Scale Summit 2014: Performance and scalability unconference

I attended Scale Summit 2014 in London on Friday. It was fantastic opportunity to share ideas and experiences in performance and stability in web operations.

Scale Summit is an ‘unconference’, meaning that the topics discussed were decided on the day according to what the participants wanted to learn or share.

Sessions ran in parallel so I had to choose the topics I was most interested in. Below are the (messy) notes that I took.

I’d definitely recommend Scale Summit to anyone considering going in future; thanks to Michael Brunton-Spall and the organisers for a brilliant event and excellent bacon sandwiches.

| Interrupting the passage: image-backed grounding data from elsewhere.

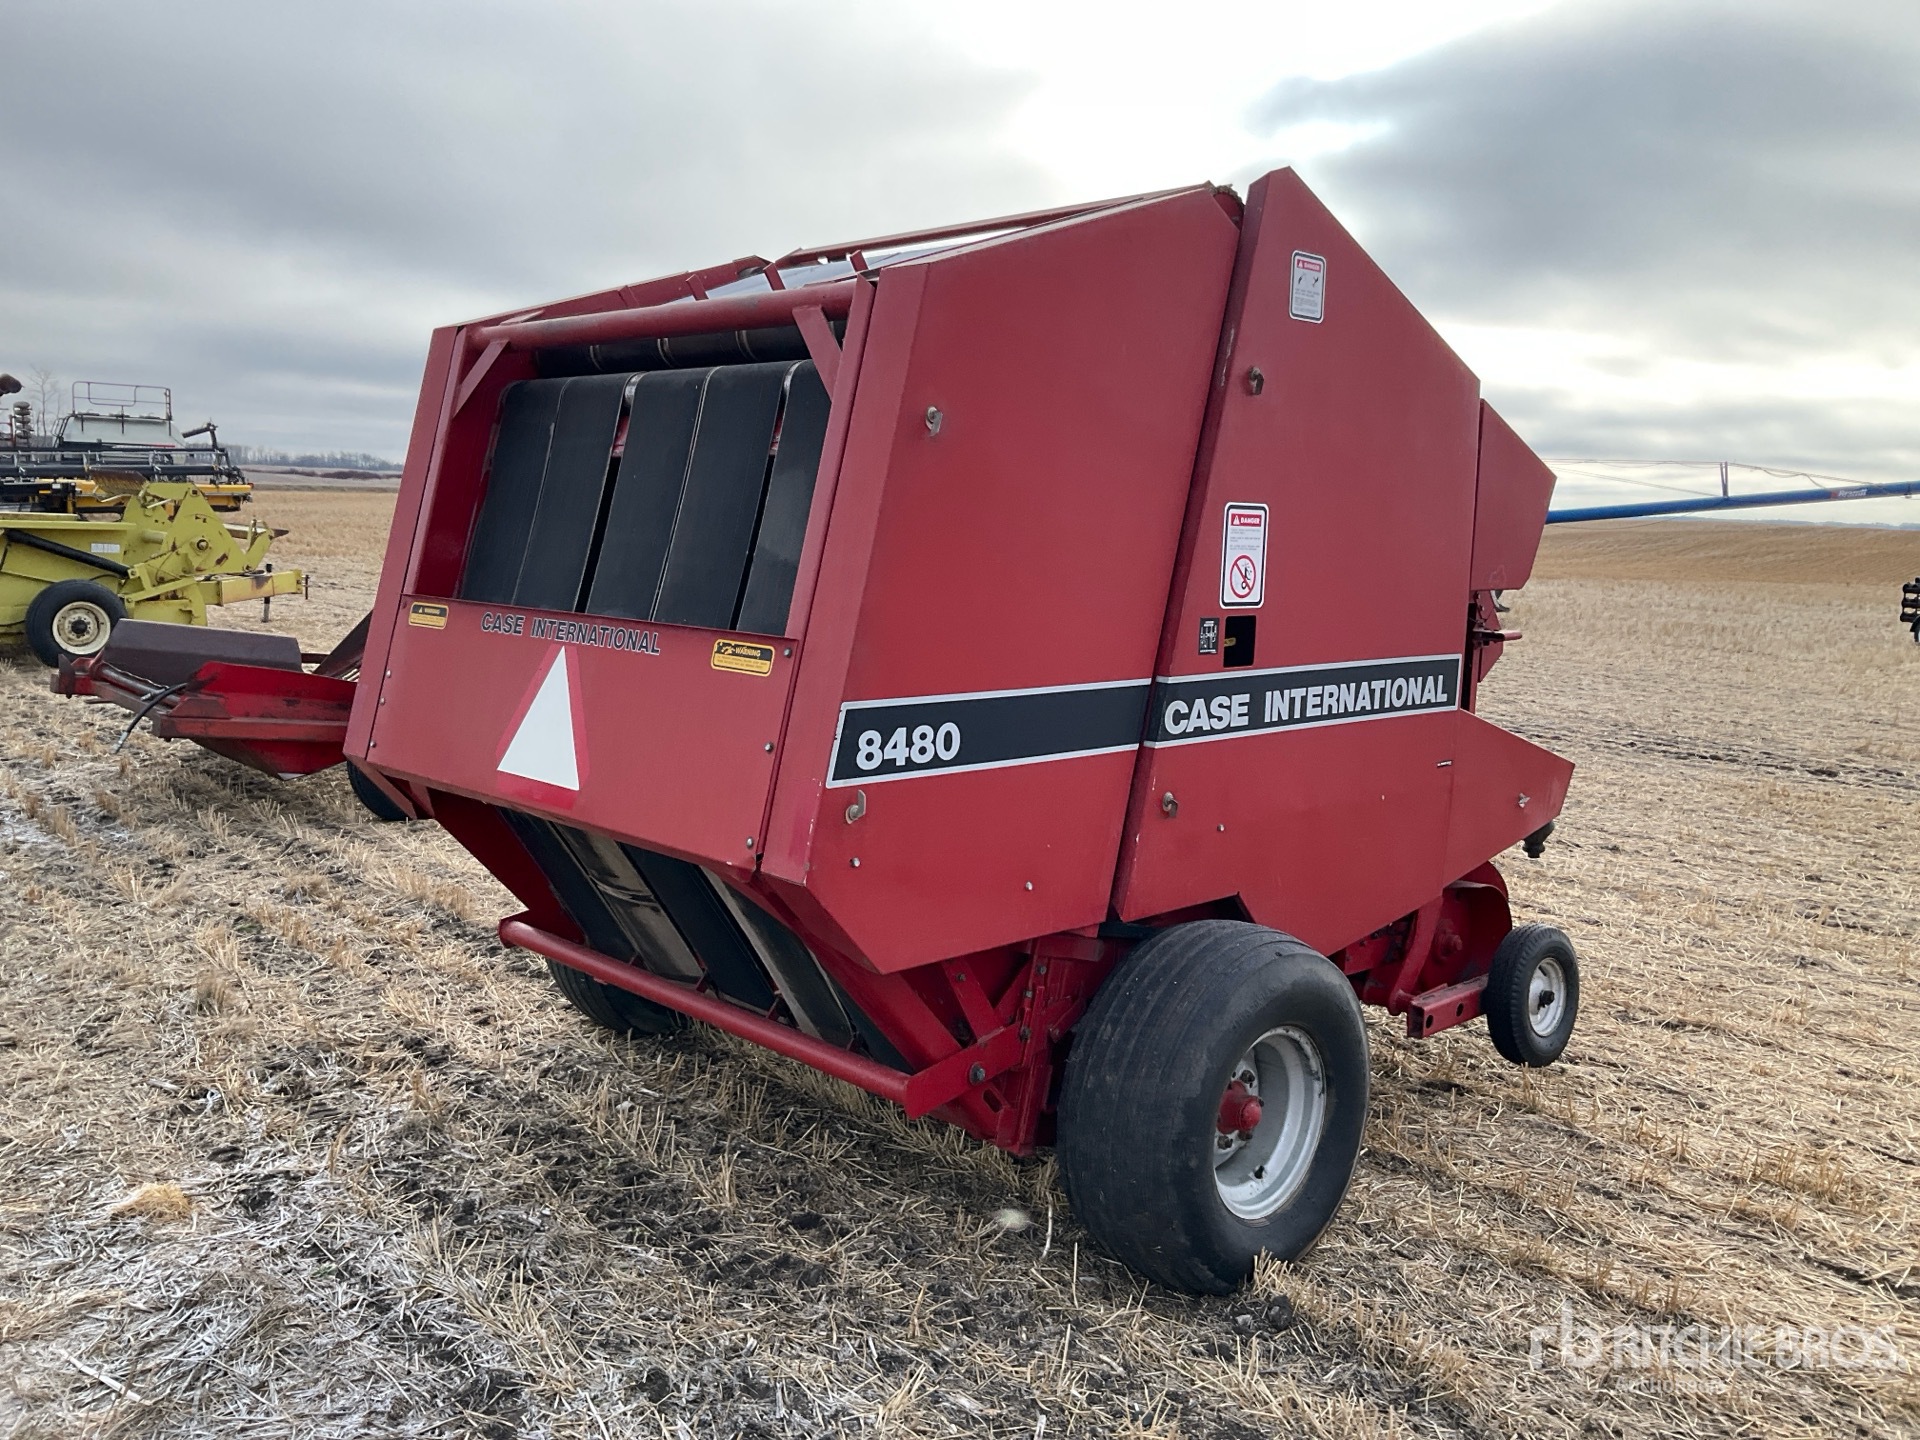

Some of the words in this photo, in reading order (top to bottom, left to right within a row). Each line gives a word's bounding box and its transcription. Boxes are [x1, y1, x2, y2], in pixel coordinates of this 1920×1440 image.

[1240, 517, 1260, 525] DANGER
[482, 612, 525, 635] CASE
[531, 617, 661, 655] INTERNATIONAL
[1164, 694, 1250, 735] CASE
[1264, 674, 1448, 722] INTERNATIONAL
[856, 722, 961, 770] 8480

First Session: How to scale collection of metrics

  • Use case:
    • Difficulty of procuring a solution
    • Graphite on-premise (existing 40 boxes for monitoring)
  • Carbon relay for scaling or archival data

  • How to alert on Graphite trends?
    • Nagios checks
    • Etsy’s Kale/Skyline for analysis; can trigger false alerts
  • Graphite very popular

  • Ganglia for OS metrics? Alternative: Sensu with Diamond into RabbitMQ (federation, pushed to central FusionIO box)
    • OpsGD heartbeart
    • Chaos monkey to kill Sensu once an hour on each node
  • Use case: Nagios reporting on Ganglia

  • Grafana helps with load (SVG means less load than PNG)

  • Put varnish in front of Graphite to help with load for large ops teams (low TTL of a few seconds)

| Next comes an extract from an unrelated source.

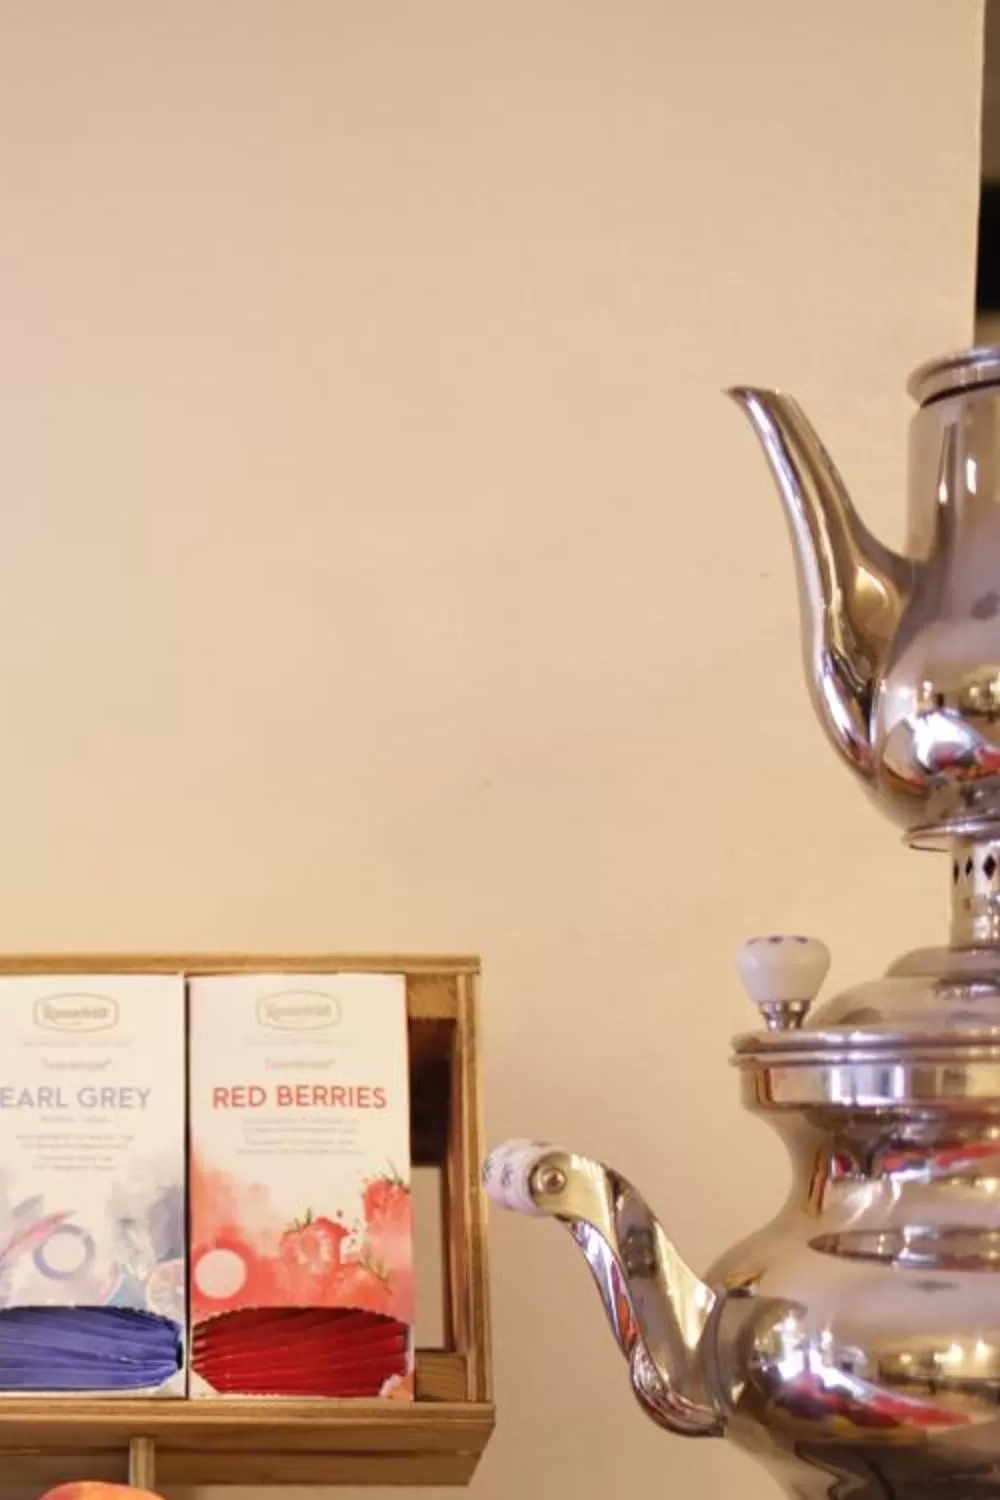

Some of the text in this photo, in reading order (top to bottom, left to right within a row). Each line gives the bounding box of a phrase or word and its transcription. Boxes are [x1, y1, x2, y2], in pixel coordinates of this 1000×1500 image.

[76, 1085, 152, 1109] GREY
[212, 1084, 387, 1110] RED BERRIES

  • Riemann? Featurs include realtime anayltics and events timeout (freshness)

  • How to store data at resolution of one second or less?

  • Peak traffic event: Log everything for future capacity planning next time it occurs
    • Amazon Redshift useful for storing lots of metrics (delta compression if data is sorted properly)
    • For ad-hoc querying: dump metrics into ElasticSearch (inc. outputting graphs) i.e. 3TB logs/day
  • Use case: Graylog2: Alert based on streams from ElasticSearch

  • Buffer carbon writes to reduce disk I/O (or use a ramdisk and copy occasionally to disk)

  • 768GB RAM, 24 SSDs for Ganglia

  • Experience: never enough data to find root cause of an outage (it if moves, graph it)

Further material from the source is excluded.